The original formulation was a nasal spray. That got scrapped when it caused transient blood pressure spikes that the FDA wasn't going to approve. The subq injection at 1.75 mg became the route that made it through, with a label warning to avoid it in people with cardiovascular disease or uncontrolled hypertension.
This is the piece most people miss. PDE5 inhibitors and PT-141 aren't competing tools, they're solving different problems. Sildenafil (Viagra), tadalafil (Cialis), and the rest work peripherally. They block phosphodiesterase type 5 in smooth muscle, raise cGMP, and dilate the vasculature feeding genital tissue. They need arousal to already be there. They don't generate it.
Bremelanotide hits the CNS directly. It's a melanocortin-4 receptor (MC4R) agonist, and those receptors sit in hypothalamic and limbic pathways tied to sexual motivation and arousal. Animal models show MC4R activation drives proceptive behaviours, the approach and solicitation that comes before the physical response. In humans the proposed action is modulating desire and arousal at the neural level, upstream of any vascular event.
So the layers are different. PDE5 inhibitors handle the hydraulics of getting an erection. PT-141 handles the motivational signal that kicks the whole sequence off. For HSDD, where the defining feature is an absent desire signal causing real distress, PDE5 inhibitors aren't the right tool. Melanocortin pathway modulation is.
The Phase III RECONNECT trial enrolled 1,247 premenopausal women with HSDD diagnosed by the Female Sexual Dysfunction Index (FSFI). Participants used bremelanotide 1.75 mg subq or placebo on demand over 52 weeks.
Primary endpoints:
What to make of the numbers: The absolute efficacy signal is small. The FDA cleared it on statistical significance across both coprimary endpoints, a clean safety profile, and a real unmet need (no other approved drug for HSDD in women existed). The 25% vs 17% split on SSEs translates to roughly NNT 12 for one person to benefit on that endpoint.
The long-term safety and efficacy analysis in Fertility and Sterility (2019) reported consistent, statistically significant improvement in desire and distress outcomes over 52 weeks, with the safety profile mostly transient nausea (40.1% vs 1.2% placebo) and flushing (20.4% vs 3.4% placebo) (PMC, 2019).

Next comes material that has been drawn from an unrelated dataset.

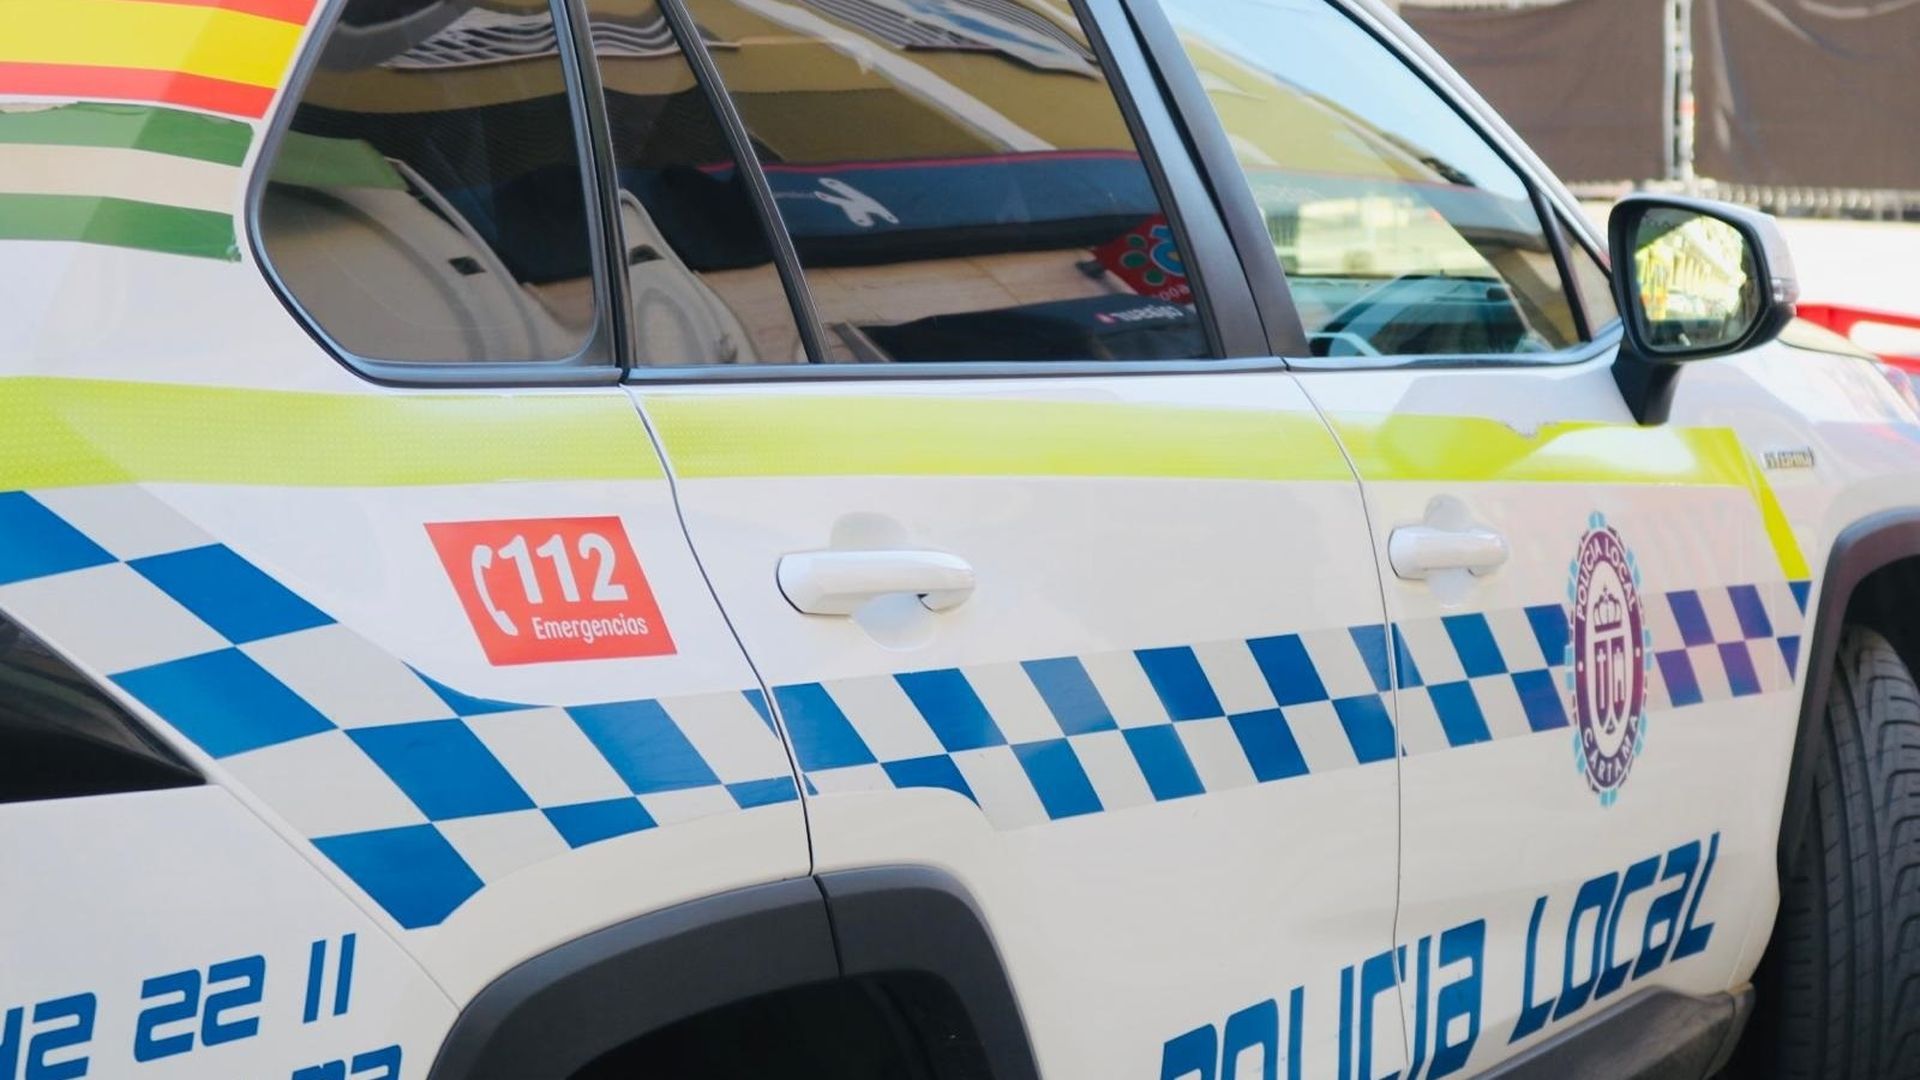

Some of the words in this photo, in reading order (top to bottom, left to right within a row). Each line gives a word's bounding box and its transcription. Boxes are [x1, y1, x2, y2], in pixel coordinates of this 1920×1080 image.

FDA approval covers HSDD in premenopausal women. That's it. Men running PT-141 are using it off-label for ED or, more often, for the desire side rather than the mechanics.

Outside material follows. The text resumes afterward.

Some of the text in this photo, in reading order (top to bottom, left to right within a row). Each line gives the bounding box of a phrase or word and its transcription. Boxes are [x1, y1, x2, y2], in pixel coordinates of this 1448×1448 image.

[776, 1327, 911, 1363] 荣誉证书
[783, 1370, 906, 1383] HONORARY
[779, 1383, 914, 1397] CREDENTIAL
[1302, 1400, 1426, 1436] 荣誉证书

2024 open-label pilot: 21 men with various sexual dysfunctions got subq bremelanotide. 80% reported being more satisfied with sex on at least two occasions. No control group, so this is an observational report, not a trial.
Palatin Technologies Phase II (2024–2025): The most rigorous active human study in men. Palatin is testing a co-formulation of bremelanotide and a PDE5 inhibitor in a single subq injection for men who don't respond to PDE5 inhibitors alone. Topline data was expected late 2024, with Phase III planning in 2025 if the readout holds. This would be the first RCT-grade evidence in men.

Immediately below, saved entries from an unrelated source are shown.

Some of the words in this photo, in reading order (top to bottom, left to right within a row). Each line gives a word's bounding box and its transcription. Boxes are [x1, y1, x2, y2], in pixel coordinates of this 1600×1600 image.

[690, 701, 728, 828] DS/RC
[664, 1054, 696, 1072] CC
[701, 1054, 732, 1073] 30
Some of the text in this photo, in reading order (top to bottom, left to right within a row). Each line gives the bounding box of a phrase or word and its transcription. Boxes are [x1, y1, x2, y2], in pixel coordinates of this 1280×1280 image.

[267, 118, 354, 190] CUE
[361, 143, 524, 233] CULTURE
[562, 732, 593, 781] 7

Older ED data: Earlier bremelanotide work in men, pre-2006 when the nasal formulation was still alive, showed dose-dependent improvements in erectile response in both psychogenic and organic ED. No placebo control, but clear dose-response curves.
Approved dose (women, HSDD):
Off-label research protocols (men):
The nausea problem: Nausea is the dose-limiting side effect for most users, hitting 40% of women in RECONNECT vs 1.2% on placebo. People typically describe it kicking in 30–60 minutes after the subq pin and clearing within 2 hours. Ondansetron taken ahead of time helps. The 0.5–1 mg titration is the real-world workaround if a full dose puts you on the floor.
| Parameter | Approved (Women) | Research (Men) |
|---|---|---|
| Dose | 1.75 mg SubQ | 1–2 mg SubQ |
| Timing | 45 min before | 30–60 min before |
| Frequency | Max 1×/24h; ~8×/month | Same caution applied |
| Main adverse effect | Nausea (40%), flushing (20%) | Similar profile |
Transient BP elevation: Bremelanotide bumps systolic by about 6 mmHg and diastolic by about 4 mmHg on average, peaking 30–40 minutes post-injection and resolving within 12 hours. This is the same signal that killed the nasal spray. The subq formulation still does it, which is why the label contraindicates it in people with cardiovascular disease or uncontrolled hypertension.
Label warnings: Contraindicated in known CV disease (arrhythmias, coronary artery disease, stroke history, uncontrolled hypertension). Don't combine with alcohol, which makes the nausea worse.
No hormonal effects: Unlike GHRPs or GH secretagogues, bremelanotide doesn't touch the HPG or HPA axis at therapeutic doses. Testosterone, estrogen, LH, FSH, cortisol, ACTH all unchanged.
What people actually report: Nausea (described as "a half hour of feeling carsick"), flushing (warm face, sometimes pink chest), occasional headache, and the BP bump that's measurable but usually unnoticeable. Most of it lands within the first hour and is gone by hour two.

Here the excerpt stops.